I had an “Oh fudge” (and not the clean version) moment. My work may speak for itself, but it is not out there cheerleading.

The new words of wisdom came from Nicki Creech, executive coach for BMW worldwide. She was getting ready to open the Furman University Center for Innovative Leadership’s new series and she agreed to sit down with me for a pre-event chat. I had volunteered to cover it, and let me be transparent here, there was an element of selfishness. Free coaching.

I’d consider myself a “new” leader. Most of my career was in the individual sport of news reporting. Four years ago, I was offered the opportunity to build and lead a marketing and communications department at the City of Greenville. We’ve grown to a staff of fourteen. I’m still struggling with the transition from “doer” to “teacher.” I asked for advice.
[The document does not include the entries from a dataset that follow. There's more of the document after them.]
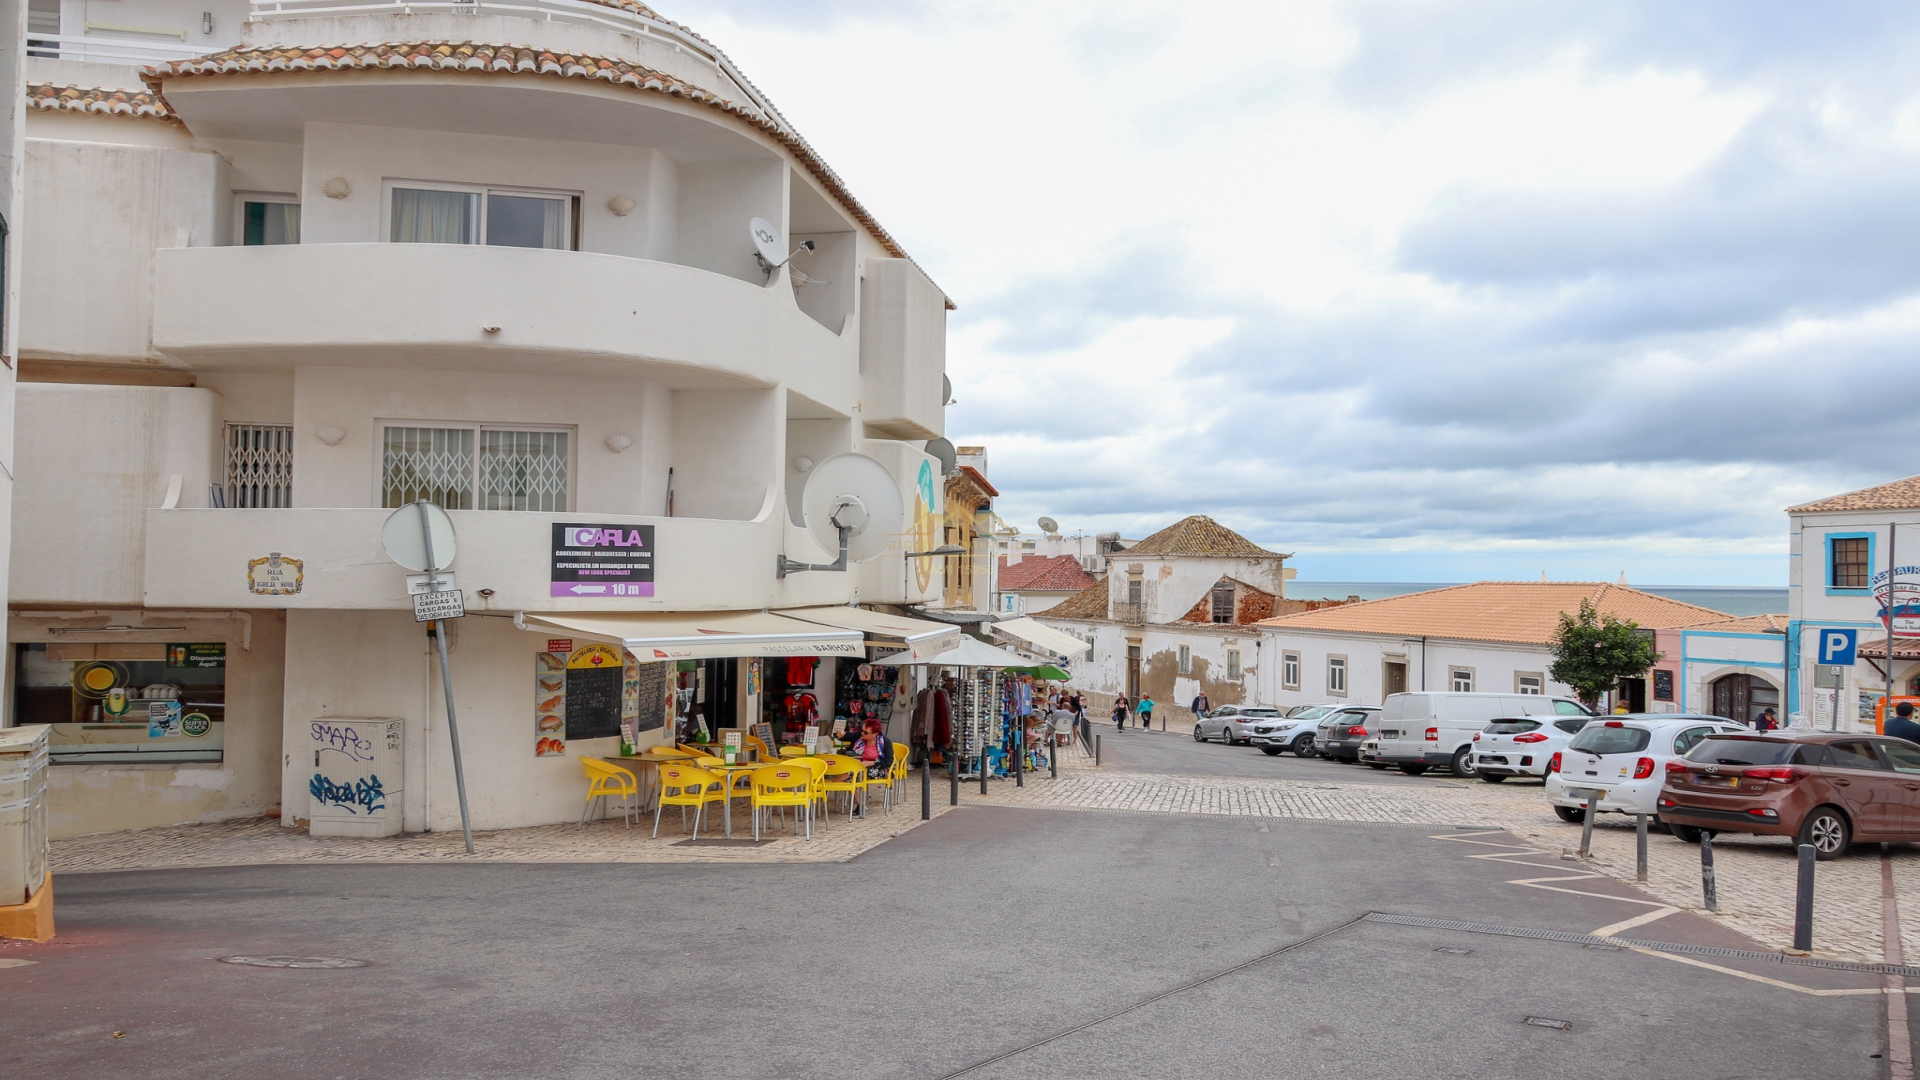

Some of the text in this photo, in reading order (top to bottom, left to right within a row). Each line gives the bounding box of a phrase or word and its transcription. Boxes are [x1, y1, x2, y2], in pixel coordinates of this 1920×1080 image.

[575, 528, 643, 547] CARLA
[612, 583, 639, 595] 10 m
[420, 592, 455, 601] EXCEPTO
[418, 604, 462, 614] DESCARGAS
[813, 644, 856, 652] BARHON
[1825, 633, 1849, 661] P
“One of the hardest jobs is when we have been a subject matter expert in something and we are asked to lead people, and not to be the subject matter expert but develop them to be the subject matter expert,” Creech said. “It is hard to let go of what worked for you and not believe that should work for everyone else.”
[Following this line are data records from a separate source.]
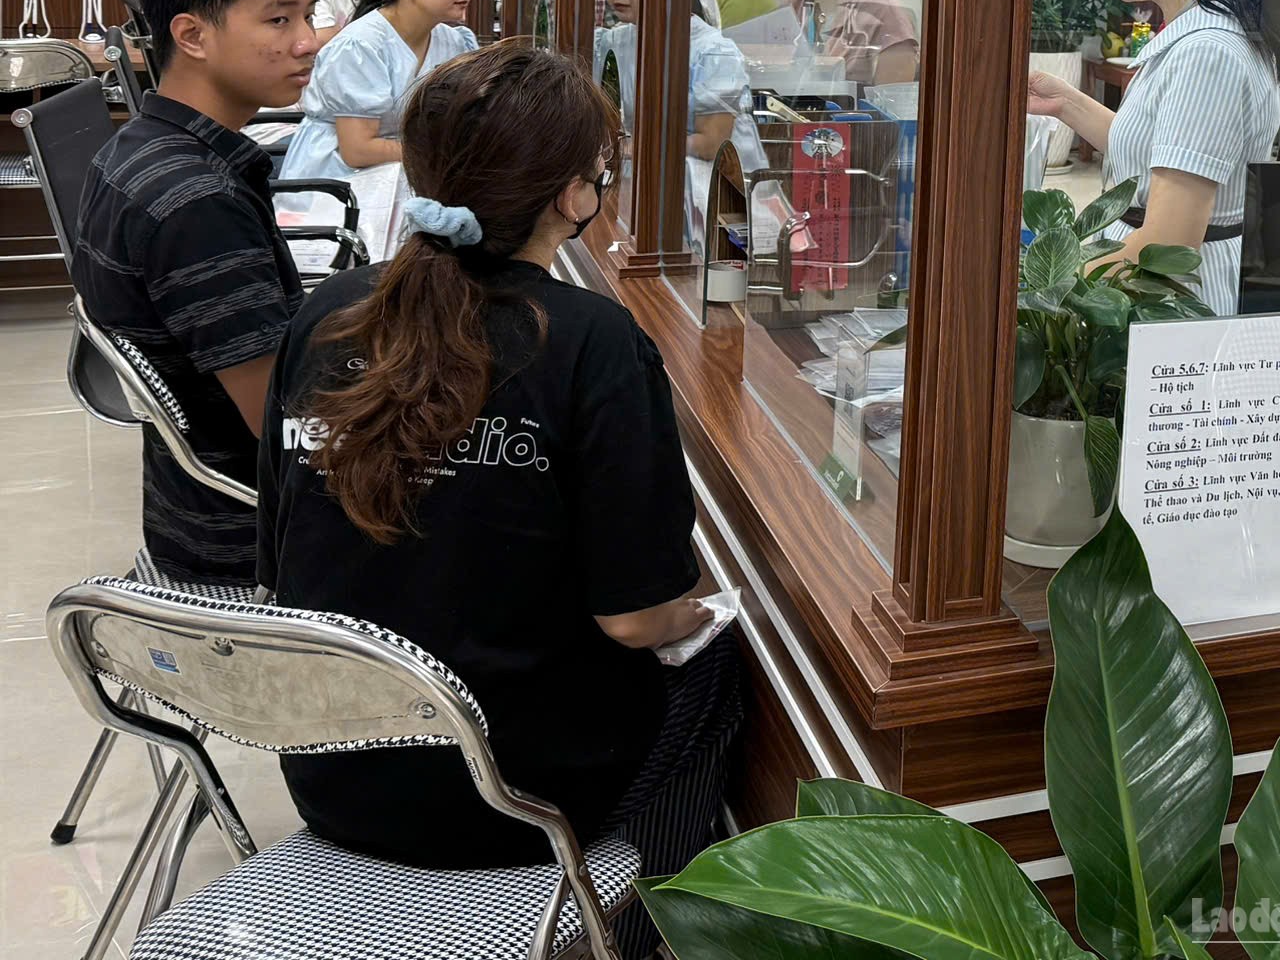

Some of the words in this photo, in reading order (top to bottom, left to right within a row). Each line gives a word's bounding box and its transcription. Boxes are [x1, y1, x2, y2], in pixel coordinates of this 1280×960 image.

[1213, 361, 1235, 373] Lĩnh
[1239, 362, 1256, 373] vực
[1259, 359, 1273, 369] Tư
[1159, 382, 1174, 394] Hộ
[1176, 381, 1195, 393] tịch
[1180, 397, 1193, 412] số
[1218, 398, 1241, 410] Lĩnh
[1248, 398, 1265, 409] vực
[1148, 420, 1184, 433] thương
[1192, 417, 1209, 428] Tài
[1211, 415, 1238, 427] chính
[1246, 413, 1266, 426] Xây
[1174, 435, 1187, 451] số
[1190, 437, 1201, 450] 2:
[1205, 437, 1228, 449] Lĩnh
[1231, 436, 1249, 447] vực
[1252, 431, 1269, 444] Đất
[1146, 458, 1172, 471] Nông
[1174, 456, 1207, 470] nghiệp
[1217, 452, 1237, 464] Môi
[1239, 450, 1273, 463] trường
[1172, 473, 1184, 489] số
[1188, 476, 1199, 488] 3:
[1203, 474, 1225, 486] Lĩnh
[1229, 473, 1246, 485] vực
[1250, 469, 1269, 481] Văn
[1166, 495, 1188, 506] thao
[1191, 493, 1202, 504] và
[1206, 492, 1220, 502] Du
[1246, 486, 1263, 499] Nội
[1156, 509, 1181, 524] Giáo
[1182, 507, 1200, 521] dục
[1203, 506, 1221, 519] đào
[1223, 507, 1238, 519] tạo
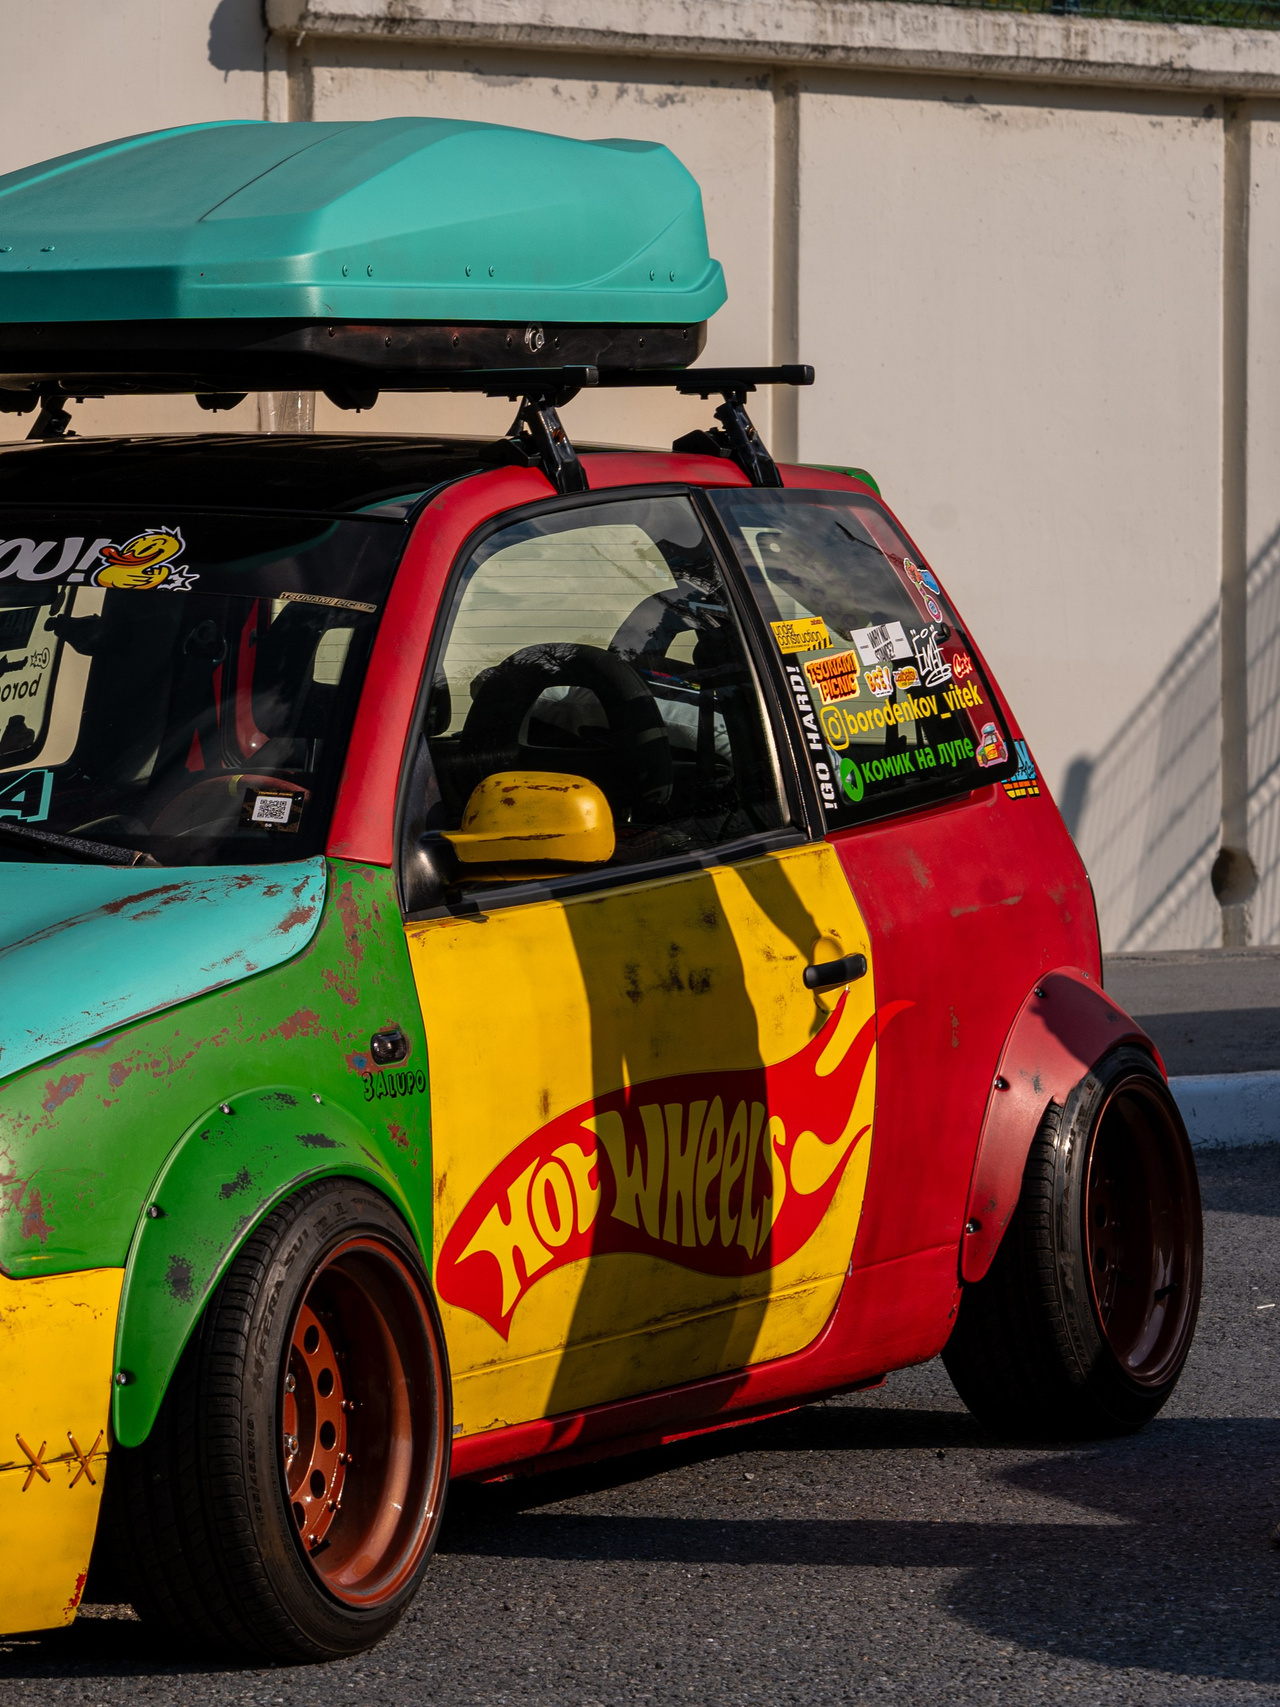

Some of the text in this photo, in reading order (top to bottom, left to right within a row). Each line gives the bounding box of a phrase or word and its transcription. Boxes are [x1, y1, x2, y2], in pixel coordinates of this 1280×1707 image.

[282, 592, 376, 611] TSUNAMI PICNIC
[773, 622, 794, 636] under
[777, 629, 823, 646] construction
[867, 626, 882, 649] WHY
[806, 652, 857, 684] TSUNAMI
[820, 672, 857, 702] PICNIC
[786, 665, 823, 750] HARD!
[842, 680, 984, 735] borodenkov_vitek
[861, 752, 915, 784] комик
[914, 745, 937, 770] на
[936, 737, 975, 768] лупе
[453, 1094, 787, 1318] HOT WHEELS
Next question: girl bosses. “Do women feel more pressure to be assertive,” (she starts laughing before I complete the question) “or to act stronger so they can appear authoritative?”

“It is very easy,” she says, “for women to believe they have to adopt this persona of the male boss, because that is what seems to be respected and promoted. Maybe you are successful in wearing the persona, but you are exhausted at the end of the day because it is not who you are. Women need to work on being authentic and understand what will work for them and promote themselves and not apologize.”

Be authentic. Don’t apologize. Focus on what you can control.

Members of the City's Communications Team present to South Carolina chapter of the National School Public Relations Association.

“I can control my own actions. My own attitudes, my behavior, so I’m influencing others and they trust me. We grow from there,” she says. “We can’t change what society does, but I can be a great role model for what it is supposed to be.”

“The best part of being 51 years old is that I have a lot of experience I can reflect on and grow from,” Creech says to the 47-year-old woman across from her who feels far less wise, but is now inspired to be more thoughtful in her approach to passing on “what worked for me” and knowing it may work differently for employees.

“People are our most valuable resource and the type of leader they have can completely impact how they do their job and how much they enjoy their job,” Creech says.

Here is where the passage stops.